- Utopia als
Sehnsuchtsort hatte im Pop schon immer Saison
Man könnte jetzt
zwar auch mit Udo Jürgens beginnen – im Gegensatz zum alten und letztlich zum
Scheitern verurteilten Spießbürgertraum davon, vom Zigarettenholen eines Abends
nicht mehr zurückzukehren, wurde die Geschichte der Utopie in der Popkultur
allerdings umgeschrieben. Schließlich war die (zumindest einstweilige)

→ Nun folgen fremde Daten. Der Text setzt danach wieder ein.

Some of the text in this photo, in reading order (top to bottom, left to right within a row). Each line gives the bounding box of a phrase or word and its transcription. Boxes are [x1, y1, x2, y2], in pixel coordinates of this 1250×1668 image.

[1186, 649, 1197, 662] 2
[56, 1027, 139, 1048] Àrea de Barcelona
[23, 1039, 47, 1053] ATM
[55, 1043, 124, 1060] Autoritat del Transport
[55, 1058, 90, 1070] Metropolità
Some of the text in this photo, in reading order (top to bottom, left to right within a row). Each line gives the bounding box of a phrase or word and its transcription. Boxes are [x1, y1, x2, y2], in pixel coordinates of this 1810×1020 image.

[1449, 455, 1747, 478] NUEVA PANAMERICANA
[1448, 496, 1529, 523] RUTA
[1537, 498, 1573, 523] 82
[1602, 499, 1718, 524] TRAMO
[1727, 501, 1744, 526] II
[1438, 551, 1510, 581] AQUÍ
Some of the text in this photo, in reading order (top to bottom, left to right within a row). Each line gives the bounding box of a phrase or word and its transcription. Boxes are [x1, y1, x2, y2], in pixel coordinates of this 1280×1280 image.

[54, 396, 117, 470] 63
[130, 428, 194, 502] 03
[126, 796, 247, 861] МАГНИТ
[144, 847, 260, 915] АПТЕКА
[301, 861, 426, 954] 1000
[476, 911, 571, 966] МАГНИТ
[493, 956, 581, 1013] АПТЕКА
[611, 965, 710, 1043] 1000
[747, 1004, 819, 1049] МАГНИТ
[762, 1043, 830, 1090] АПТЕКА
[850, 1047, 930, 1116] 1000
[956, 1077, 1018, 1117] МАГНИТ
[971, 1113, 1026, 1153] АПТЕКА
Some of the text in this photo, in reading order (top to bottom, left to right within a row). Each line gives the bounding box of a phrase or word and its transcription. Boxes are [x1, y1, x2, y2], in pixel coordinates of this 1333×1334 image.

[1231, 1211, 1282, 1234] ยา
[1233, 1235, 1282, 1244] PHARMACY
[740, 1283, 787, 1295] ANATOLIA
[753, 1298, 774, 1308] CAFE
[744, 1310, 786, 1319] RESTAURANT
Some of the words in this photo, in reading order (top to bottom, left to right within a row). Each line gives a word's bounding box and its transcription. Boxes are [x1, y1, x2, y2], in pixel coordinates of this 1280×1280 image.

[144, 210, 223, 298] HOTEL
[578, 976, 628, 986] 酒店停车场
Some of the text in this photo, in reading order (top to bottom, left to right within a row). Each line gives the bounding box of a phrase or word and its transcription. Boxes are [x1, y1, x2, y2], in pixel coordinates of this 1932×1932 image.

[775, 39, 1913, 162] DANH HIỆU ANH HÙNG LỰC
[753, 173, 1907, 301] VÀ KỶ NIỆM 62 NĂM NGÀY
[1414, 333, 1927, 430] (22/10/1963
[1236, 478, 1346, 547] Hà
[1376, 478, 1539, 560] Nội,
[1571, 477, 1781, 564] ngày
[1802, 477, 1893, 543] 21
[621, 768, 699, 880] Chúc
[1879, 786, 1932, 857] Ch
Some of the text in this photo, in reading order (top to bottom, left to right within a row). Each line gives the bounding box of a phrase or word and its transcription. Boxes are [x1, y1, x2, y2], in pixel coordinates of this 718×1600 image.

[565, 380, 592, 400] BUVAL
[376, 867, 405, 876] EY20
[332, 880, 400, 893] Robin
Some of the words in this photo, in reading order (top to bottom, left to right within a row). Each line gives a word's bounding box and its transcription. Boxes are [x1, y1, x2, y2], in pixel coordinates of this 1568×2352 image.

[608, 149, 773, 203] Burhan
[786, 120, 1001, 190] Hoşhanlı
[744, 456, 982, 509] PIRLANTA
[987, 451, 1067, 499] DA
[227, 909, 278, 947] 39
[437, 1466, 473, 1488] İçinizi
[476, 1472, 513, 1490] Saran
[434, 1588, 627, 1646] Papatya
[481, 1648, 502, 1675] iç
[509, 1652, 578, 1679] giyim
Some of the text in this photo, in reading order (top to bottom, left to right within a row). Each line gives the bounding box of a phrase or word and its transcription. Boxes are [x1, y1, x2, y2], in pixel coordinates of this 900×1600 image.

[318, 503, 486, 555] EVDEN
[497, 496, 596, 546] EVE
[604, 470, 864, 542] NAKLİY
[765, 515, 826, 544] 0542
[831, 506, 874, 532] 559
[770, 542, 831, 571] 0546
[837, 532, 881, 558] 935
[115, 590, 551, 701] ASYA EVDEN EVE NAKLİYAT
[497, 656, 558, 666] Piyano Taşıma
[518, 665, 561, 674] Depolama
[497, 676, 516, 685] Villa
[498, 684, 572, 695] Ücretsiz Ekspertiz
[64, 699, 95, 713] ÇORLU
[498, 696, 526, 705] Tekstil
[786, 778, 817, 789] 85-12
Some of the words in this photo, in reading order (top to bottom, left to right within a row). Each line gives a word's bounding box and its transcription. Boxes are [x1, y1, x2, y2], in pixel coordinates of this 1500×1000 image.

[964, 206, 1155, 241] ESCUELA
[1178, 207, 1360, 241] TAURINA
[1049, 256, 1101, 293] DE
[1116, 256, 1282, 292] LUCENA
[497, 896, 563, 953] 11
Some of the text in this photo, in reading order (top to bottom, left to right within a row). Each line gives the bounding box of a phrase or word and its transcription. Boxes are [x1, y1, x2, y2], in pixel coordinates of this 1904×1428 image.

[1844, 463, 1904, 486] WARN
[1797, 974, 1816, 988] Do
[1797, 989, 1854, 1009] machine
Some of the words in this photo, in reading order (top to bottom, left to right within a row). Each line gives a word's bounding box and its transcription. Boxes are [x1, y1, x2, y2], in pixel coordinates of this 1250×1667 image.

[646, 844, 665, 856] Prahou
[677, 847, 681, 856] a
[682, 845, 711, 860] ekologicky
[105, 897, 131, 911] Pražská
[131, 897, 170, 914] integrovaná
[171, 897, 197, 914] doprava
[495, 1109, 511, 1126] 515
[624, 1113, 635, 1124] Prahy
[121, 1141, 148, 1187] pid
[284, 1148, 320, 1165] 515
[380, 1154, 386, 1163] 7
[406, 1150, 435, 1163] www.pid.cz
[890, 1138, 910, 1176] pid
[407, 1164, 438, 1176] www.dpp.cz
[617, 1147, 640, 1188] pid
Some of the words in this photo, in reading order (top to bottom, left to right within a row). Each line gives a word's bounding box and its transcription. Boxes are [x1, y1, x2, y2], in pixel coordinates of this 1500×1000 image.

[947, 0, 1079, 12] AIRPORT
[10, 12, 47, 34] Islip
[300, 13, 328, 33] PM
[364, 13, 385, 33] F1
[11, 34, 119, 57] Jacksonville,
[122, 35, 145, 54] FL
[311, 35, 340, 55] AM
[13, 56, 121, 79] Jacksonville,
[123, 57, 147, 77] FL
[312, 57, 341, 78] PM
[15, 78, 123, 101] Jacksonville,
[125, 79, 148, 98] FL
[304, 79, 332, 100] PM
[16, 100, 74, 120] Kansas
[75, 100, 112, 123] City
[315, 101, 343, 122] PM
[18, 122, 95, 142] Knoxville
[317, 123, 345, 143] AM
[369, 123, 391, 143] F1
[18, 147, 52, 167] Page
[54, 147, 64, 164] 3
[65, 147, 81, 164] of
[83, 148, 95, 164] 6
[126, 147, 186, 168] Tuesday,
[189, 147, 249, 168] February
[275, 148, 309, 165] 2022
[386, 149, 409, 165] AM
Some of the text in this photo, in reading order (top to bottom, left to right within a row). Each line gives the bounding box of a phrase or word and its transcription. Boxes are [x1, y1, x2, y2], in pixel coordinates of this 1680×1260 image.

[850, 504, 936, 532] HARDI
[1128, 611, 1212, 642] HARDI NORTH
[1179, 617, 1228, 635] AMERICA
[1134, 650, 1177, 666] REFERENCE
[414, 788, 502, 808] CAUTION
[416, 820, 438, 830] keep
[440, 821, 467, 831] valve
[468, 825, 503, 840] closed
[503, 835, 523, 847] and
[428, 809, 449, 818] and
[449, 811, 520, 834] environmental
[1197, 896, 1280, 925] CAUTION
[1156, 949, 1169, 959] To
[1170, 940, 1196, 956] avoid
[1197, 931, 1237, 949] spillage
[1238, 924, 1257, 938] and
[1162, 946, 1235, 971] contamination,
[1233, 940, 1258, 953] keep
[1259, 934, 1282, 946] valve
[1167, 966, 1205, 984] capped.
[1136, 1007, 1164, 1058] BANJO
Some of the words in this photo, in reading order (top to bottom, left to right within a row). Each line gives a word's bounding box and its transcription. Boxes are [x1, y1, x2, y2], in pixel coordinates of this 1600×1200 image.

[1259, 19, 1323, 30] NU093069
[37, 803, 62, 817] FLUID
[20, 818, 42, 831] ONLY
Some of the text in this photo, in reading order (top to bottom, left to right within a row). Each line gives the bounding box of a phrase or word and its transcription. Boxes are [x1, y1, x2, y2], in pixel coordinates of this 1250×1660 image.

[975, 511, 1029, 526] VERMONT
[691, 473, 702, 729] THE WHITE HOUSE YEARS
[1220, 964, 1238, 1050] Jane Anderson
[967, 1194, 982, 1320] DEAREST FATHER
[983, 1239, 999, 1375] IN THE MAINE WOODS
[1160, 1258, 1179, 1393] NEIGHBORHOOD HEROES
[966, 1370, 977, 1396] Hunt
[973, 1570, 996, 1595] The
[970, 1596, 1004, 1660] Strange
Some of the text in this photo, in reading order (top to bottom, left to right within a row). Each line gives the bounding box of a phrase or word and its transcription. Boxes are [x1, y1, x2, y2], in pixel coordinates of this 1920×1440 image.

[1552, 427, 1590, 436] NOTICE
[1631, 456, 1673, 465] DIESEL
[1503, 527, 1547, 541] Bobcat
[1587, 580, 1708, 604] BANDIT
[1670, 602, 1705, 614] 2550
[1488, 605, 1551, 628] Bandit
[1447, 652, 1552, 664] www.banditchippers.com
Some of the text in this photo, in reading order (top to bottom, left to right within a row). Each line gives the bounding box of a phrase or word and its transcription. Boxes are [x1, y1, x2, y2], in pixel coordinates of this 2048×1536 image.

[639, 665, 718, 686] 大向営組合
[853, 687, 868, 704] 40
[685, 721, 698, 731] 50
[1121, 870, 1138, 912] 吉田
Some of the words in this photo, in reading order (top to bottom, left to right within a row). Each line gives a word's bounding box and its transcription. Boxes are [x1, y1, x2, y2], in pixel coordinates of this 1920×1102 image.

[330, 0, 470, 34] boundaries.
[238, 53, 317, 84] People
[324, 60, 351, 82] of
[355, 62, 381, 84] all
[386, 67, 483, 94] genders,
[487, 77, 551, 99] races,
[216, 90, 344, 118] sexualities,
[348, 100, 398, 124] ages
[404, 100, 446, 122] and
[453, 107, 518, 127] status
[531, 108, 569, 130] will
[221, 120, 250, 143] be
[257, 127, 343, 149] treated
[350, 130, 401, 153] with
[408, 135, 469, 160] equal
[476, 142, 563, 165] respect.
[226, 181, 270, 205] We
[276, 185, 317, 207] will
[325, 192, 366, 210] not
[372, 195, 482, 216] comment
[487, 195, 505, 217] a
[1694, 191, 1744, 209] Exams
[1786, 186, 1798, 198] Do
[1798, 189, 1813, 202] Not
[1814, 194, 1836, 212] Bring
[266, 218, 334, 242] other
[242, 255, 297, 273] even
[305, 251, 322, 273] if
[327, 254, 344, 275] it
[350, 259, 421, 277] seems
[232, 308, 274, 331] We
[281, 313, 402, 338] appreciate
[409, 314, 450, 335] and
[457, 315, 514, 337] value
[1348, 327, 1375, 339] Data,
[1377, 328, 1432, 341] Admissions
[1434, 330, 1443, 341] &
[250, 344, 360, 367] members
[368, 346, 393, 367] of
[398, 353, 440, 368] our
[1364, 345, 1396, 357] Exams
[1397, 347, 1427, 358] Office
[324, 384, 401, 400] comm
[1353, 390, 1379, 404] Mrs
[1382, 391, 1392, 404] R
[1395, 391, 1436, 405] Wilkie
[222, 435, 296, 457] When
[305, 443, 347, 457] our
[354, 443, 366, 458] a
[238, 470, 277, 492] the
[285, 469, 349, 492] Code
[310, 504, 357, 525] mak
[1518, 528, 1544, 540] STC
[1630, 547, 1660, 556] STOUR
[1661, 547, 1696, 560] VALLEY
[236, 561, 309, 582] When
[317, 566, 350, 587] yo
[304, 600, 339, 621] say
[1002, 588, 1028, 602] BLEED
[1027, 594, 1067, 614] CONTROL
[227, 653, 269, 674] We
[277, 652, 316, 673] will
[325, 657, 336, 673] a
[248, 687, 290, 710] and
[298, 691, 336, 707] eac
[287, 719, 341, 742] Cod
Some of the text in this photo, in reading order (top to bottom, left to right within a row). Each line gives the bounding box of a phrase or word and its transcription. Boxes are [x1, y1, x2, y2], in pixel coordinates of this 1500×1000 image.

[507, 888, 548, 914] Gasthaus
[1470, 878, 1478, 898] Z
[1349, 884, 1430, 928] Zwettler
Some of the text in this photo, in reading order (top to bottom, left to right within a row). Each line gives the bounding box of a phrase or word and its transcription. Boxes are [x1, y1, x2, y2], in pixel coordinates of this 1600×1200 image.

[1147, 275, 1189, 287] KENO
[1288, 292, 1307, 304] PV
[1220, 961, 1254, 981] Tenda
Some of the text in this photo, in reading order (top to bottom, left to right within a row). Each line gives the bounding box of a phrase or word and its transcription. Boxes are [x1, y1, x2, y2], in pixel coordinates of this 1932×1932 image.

Unerreichbarkeit der Dinge nur so lange Teil des utopischen Charakters, bis der
Erlöser kam, um das Gegenteil zu behaupten und den Verheißungen Tatsachen
folgen zu lassen: „Ich aber sage euch…“ – was könnte diesbezüglich aufschlussreicher
sein als der Rock ’n’ Roll, gelesen als eine Kulturgeschichte der ewigen Erdreistung?
Blixa
Bargeld brachte es mit den Einstürzenden Neubauten 1996 so auf den Punkt: „Nur
was nicht ist, ist möglich.“ Als Grundvoraussetzung dafür, „schwarze Zahlen ins
utopische Kalkül“ zu schreiben, wurde die Glaubenssache zur wissenschaftlichen
Disziplin erhoben: „Du kannst es dir vorstellen, also kannst du es auch bauen“
und „Mach es zu deinem Projekt“ als Selbstermächtigungsparolen aus dem inneren Do-it-yourself-Baumarkt.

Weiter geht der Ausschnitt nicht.